Un parfum de règlement de comptes plane sur le procès d’un ancien Premier ministre guinéen qui s’est ouvert à Conakry. Ibrahima Kassory Fofana, qui a dirigé le gouvernement de mai 2018 à septembre 2021, comparaît devant une juridiction spéciale anti-corruption mise en place par la junte militaire qui a renversé le président Alpha Condé. L’accusation a requis contre lui une peine de cinq ans de prison ferme.
L’ex-chef du gouvernement est jugé pour détournement de fonds publics, corruption et blanchiment de capitaux. Il lui est reproché des malversations portant sur l’équivalent de plus de 1,6 million d’euros destinés notamment à la gestion anti-covid et à des programmes économiques et sociaux. Le procureur a aussi demandé une amende de plus d’un demi-million d’euros et la saisie de ses avoirs.

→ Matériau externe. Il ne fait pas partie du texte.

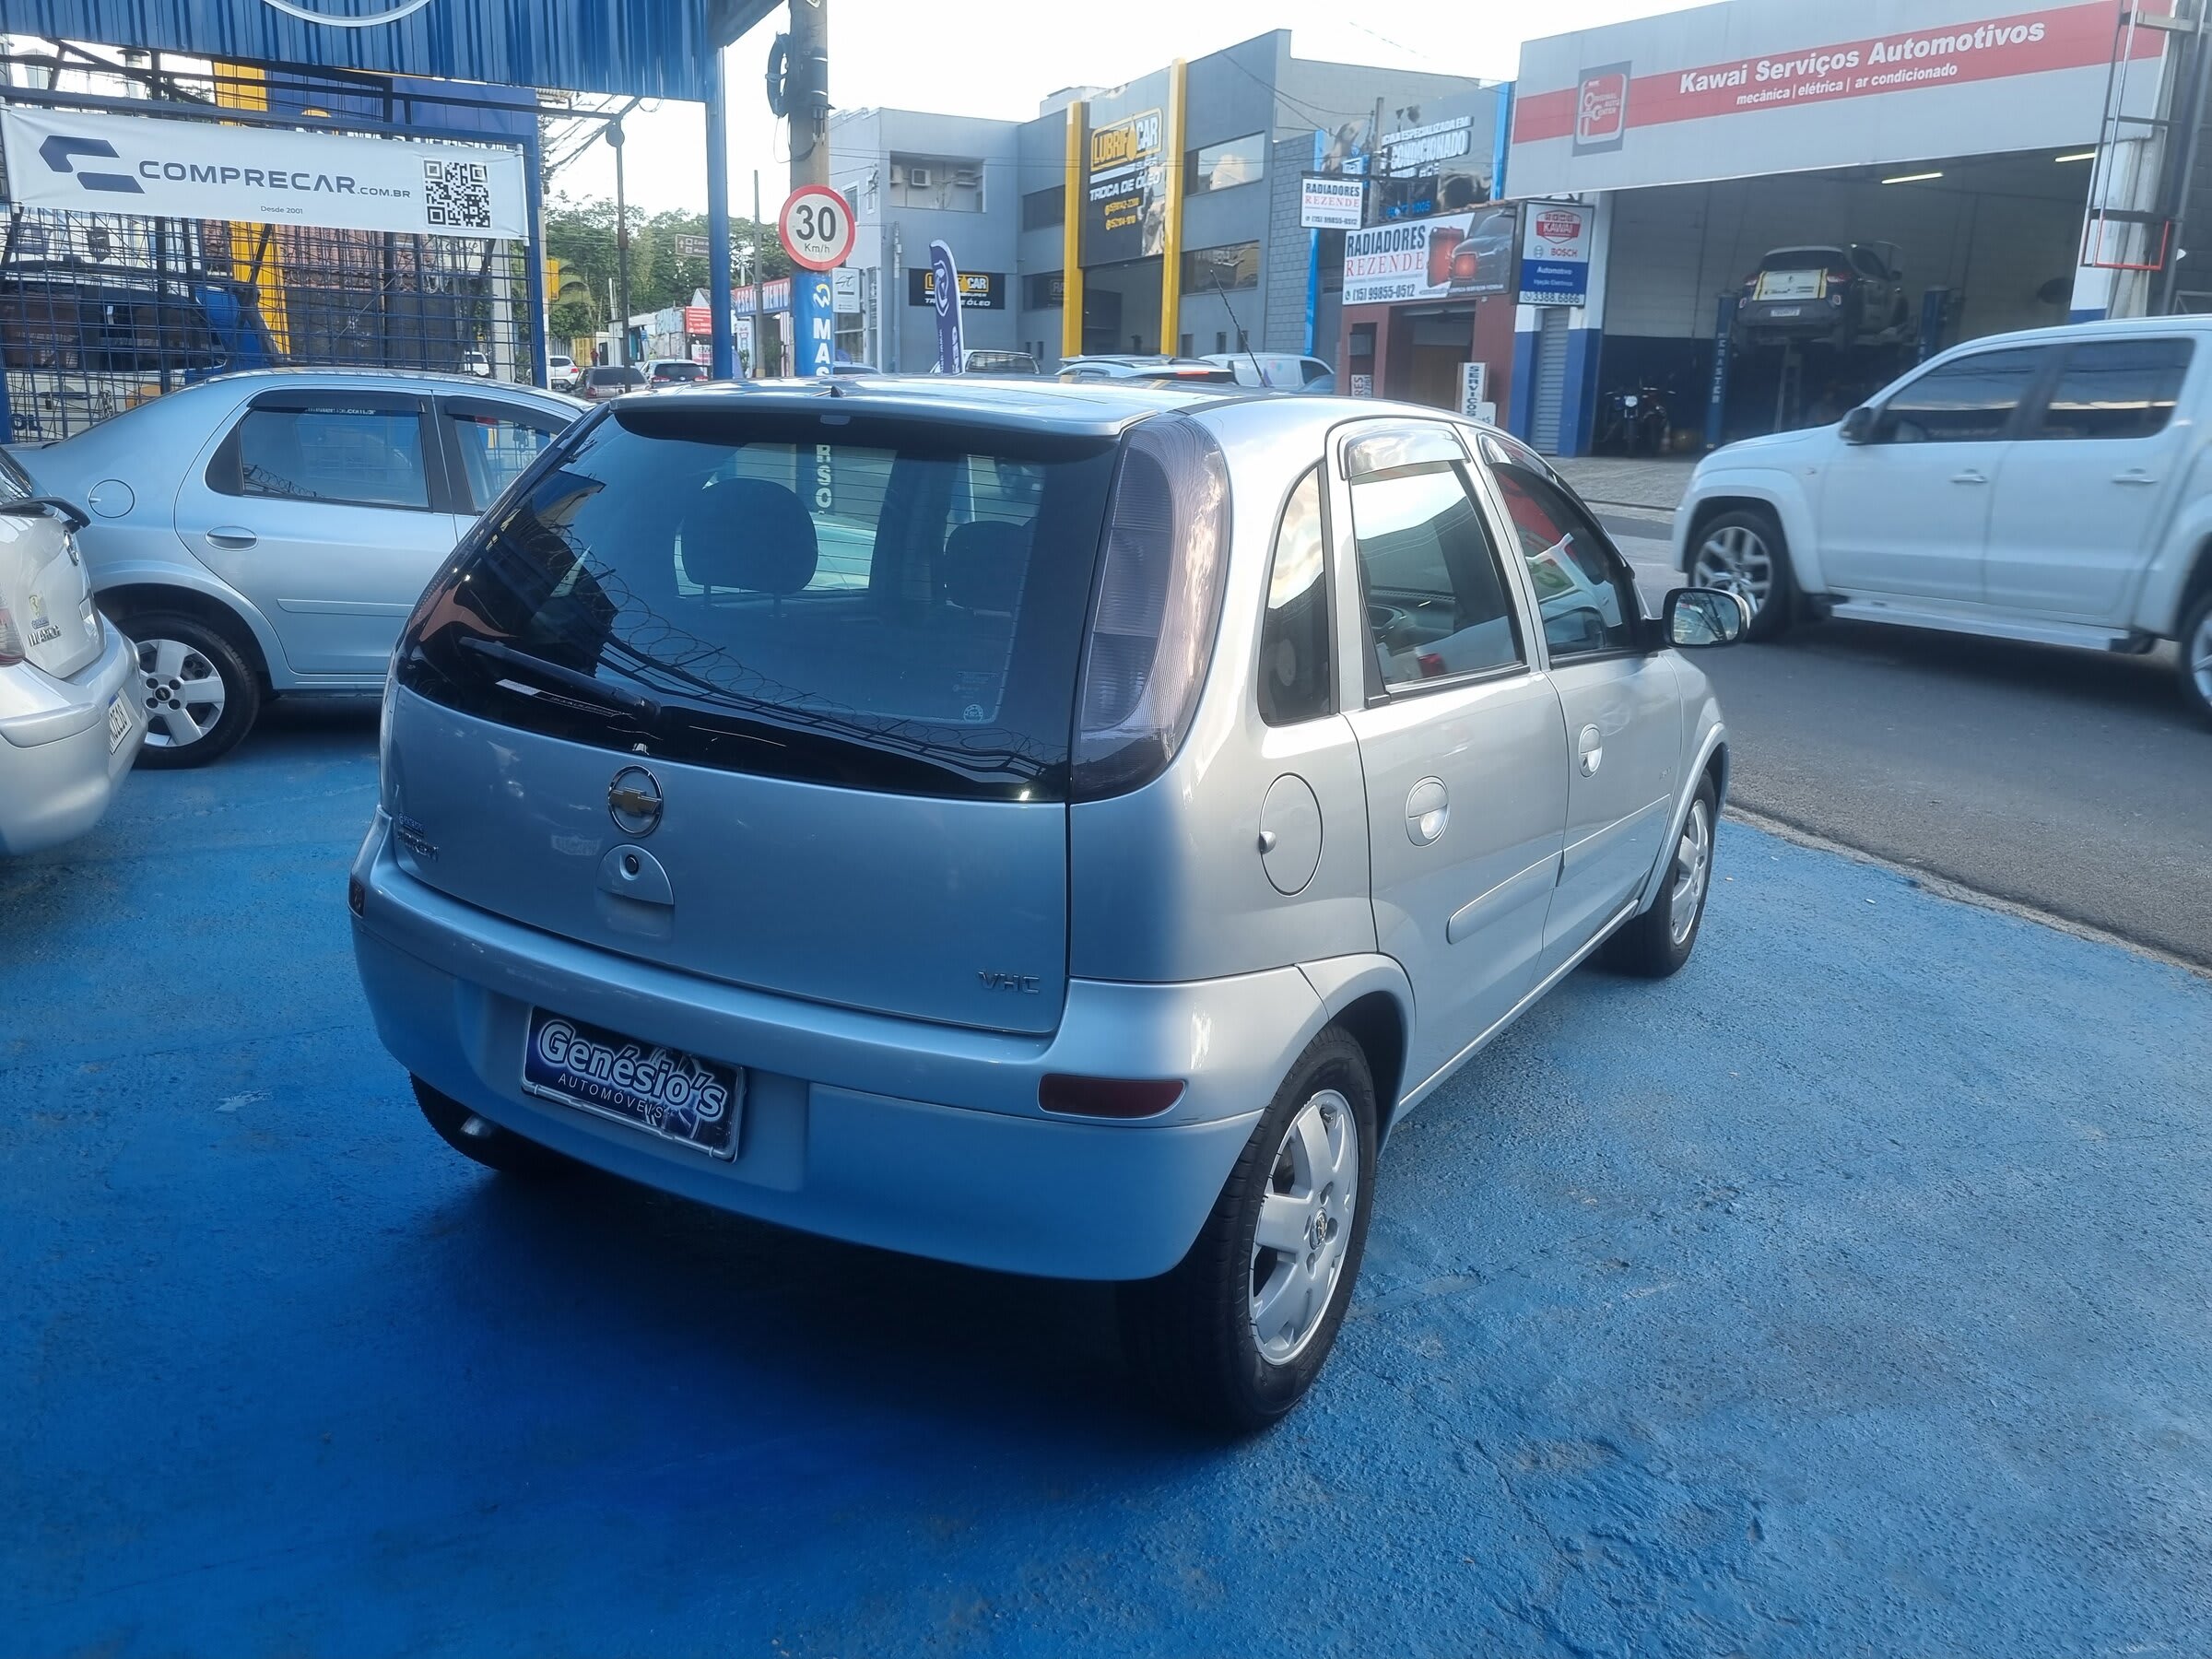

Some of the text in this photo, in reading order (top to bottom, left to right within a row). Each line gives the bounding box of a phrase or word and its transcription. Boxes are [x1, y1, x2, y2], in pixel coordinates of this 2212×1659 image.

Une justice aux ordres de la junte militaire ?
Depuis le coup d’État de septembre 2021 qui a porté les militaires au pouvoir, de nombreux anciens dignitaires du régime déchu croupissent en prison ou font l’objet d’enquêtes. La Cour de répression des infractions économiques et financières (Crief), juridiction d’exception instituée par la junte, est en première ligne dans cette traque.
Outre Ibrahima Kassory Fofana, l’ex-président Alpha Condé lui-même ainsi qu’une centaine de ses proches sont dans le viseur de la justice. En décembre, un ancien ministre de la Défense a écopé de cinq ans de prison et d’une amende de 55 millions d’euros pour enrichissement illicite et détournement de fonds.

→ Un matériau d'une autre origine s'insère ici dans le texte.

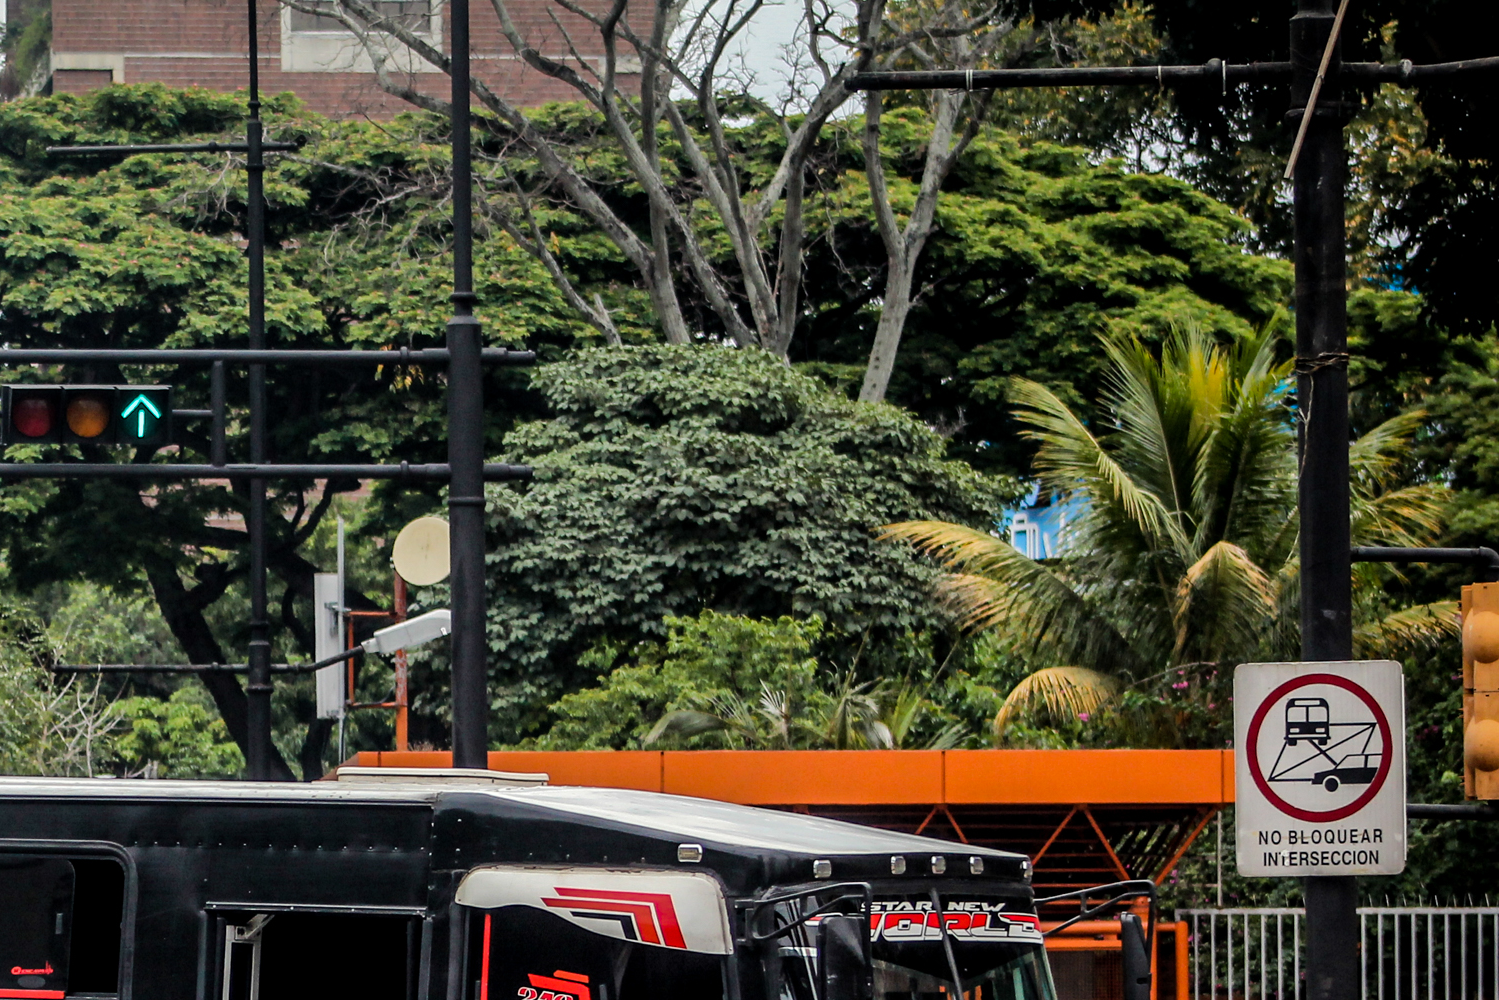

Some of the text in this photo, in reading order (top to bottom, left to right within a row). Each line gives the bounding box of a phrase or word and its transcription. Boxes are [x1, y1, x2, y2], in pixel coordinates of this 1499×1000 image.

[1258, 828, 1383, 845] NO BLOQUEAR
[1263, 850, 1379, 867] INTERSECCION
[860, 901, 1006, 912] STAR NEW
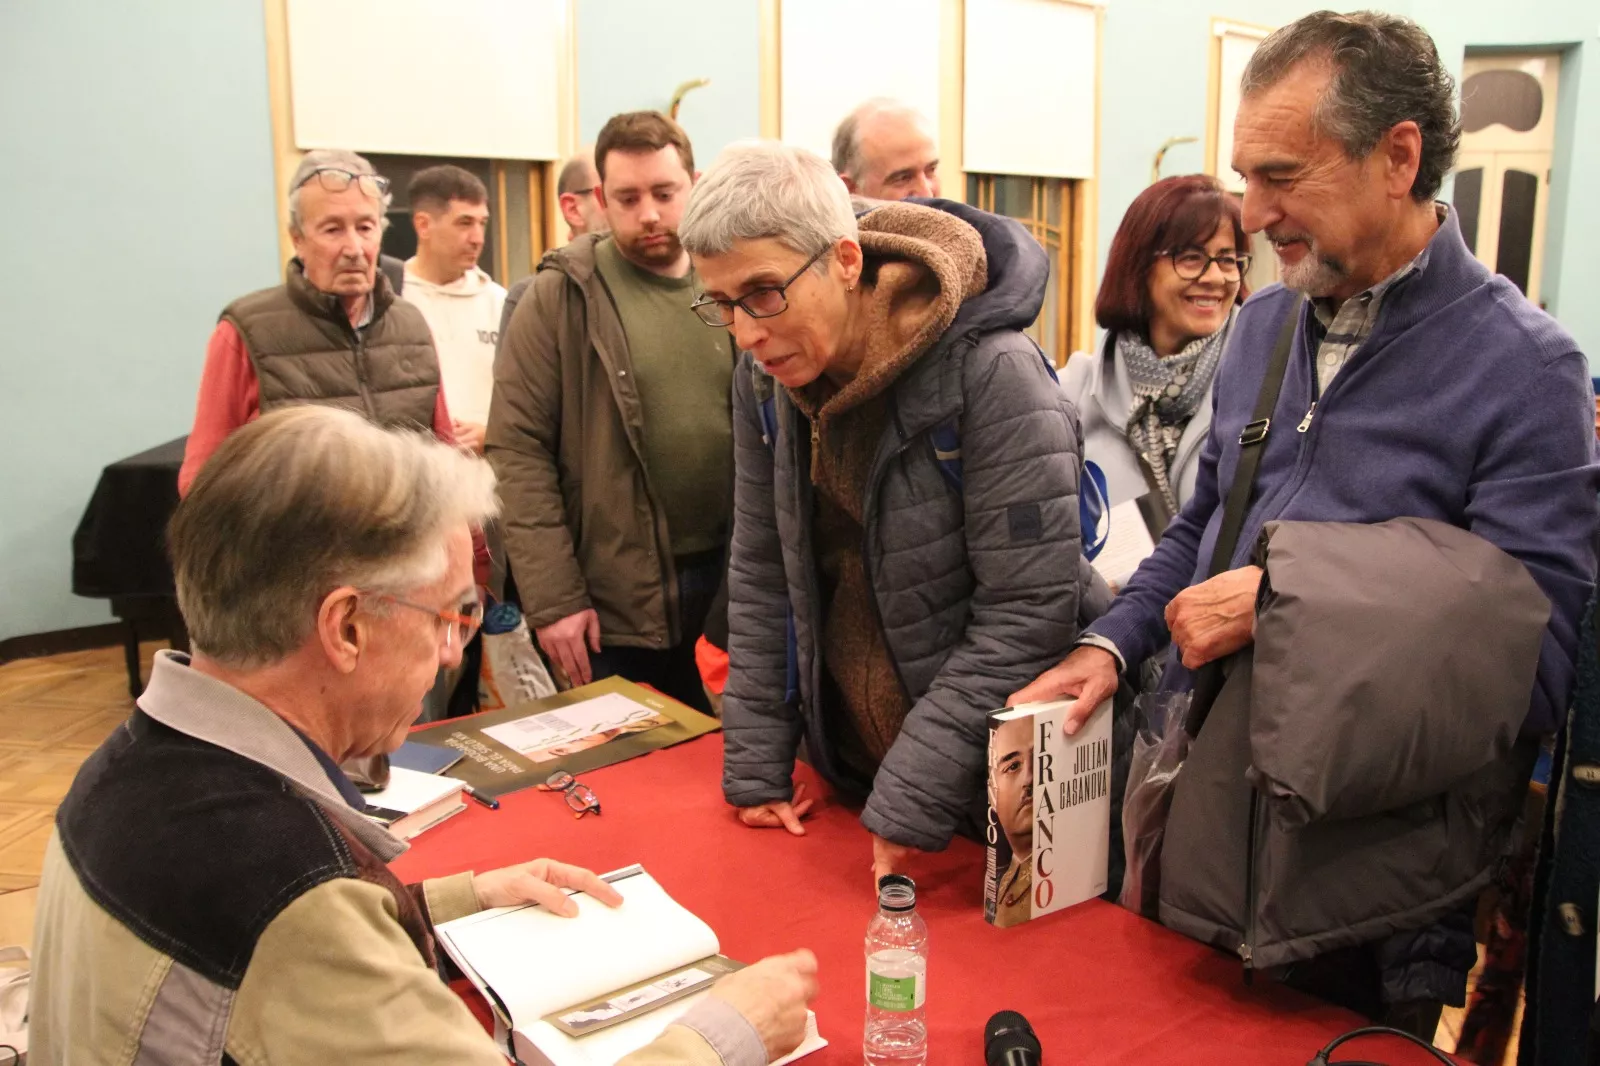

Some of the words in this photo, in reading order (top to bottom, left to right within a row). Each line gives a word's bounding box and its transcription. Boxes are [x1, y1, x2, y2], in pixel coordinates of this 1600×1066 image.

[987, 728, 998, 845] FRANCO
[1060, 772, 1107, 809] CASANOVA
[1074, 737, 1108, 775] JULIÁN
[1036, 721, 1054, 908] FRANCO

Officiellement, la lutte contre la corruption endémique est l’une des grandes priorités proclamées par la junte. Mais l’opposition dénonce une instrumentalisation de la justice à des fins de vengeance politique et de musellement.
Une répression tous azimuts
Au-delà des poursuites judiciaires, le nouveau pouvoir a engagé une vaste purge au sein de l’administration et des entreprises publiques. De nombreux responsables ont été limogés, souvent sans ménagement. Des dizaines d’autres croupissent en détention, parfois depuis plus d’un an, sans perspective de jugement.
Parallèlement, la liberté de ton qui prévalait sous l’ancien régime a laissé place à un climat de peur et d’autocensure. Des médias ont été fermés ou muselés, des manifestations interdites, des activistes arrêtés. La société civile et la presse internationale s’inquiètent d’un recul des libertés fondamentales.
La junte assure qu’il n’y aura pas de « chasse aux sorcières » et que la justice est indépendante. Mais dans les faits, seuls les opposants et les anciens caciques du pouvoir semblent inquiétés.
Vers une transition démocratique incertaine
Près de deux ans après le putsch, la Guinée est toujours dirigée par une junte intérimaire qui tarde à rendre le pouvoir aux civils. Un processus de « transition » vers un régime démocratique a été amorcé, mais avec une feuille de route confuse et un calendrier incertain.
Certains observateurs craignent que l’actuel homme fort du pays, le colonel Mamadi Doumbouya, ne soit tenté de se maintenir au pouvoir, à l’image d’autres putschistes dans la région. Des critiques l’accusent de faire le lit d’une dictature militaire sous couvert de lutte contre la corruption.
Dans ce contexte, le sort d’Ibrahima Kassory Fofana et des autres dignitaires déchus apparaît très incertain. Leur procès est vu comme un test pour mesurer l’indépendance de la justice et les véritables intentions de la junte. Verdict attendu le 13 février.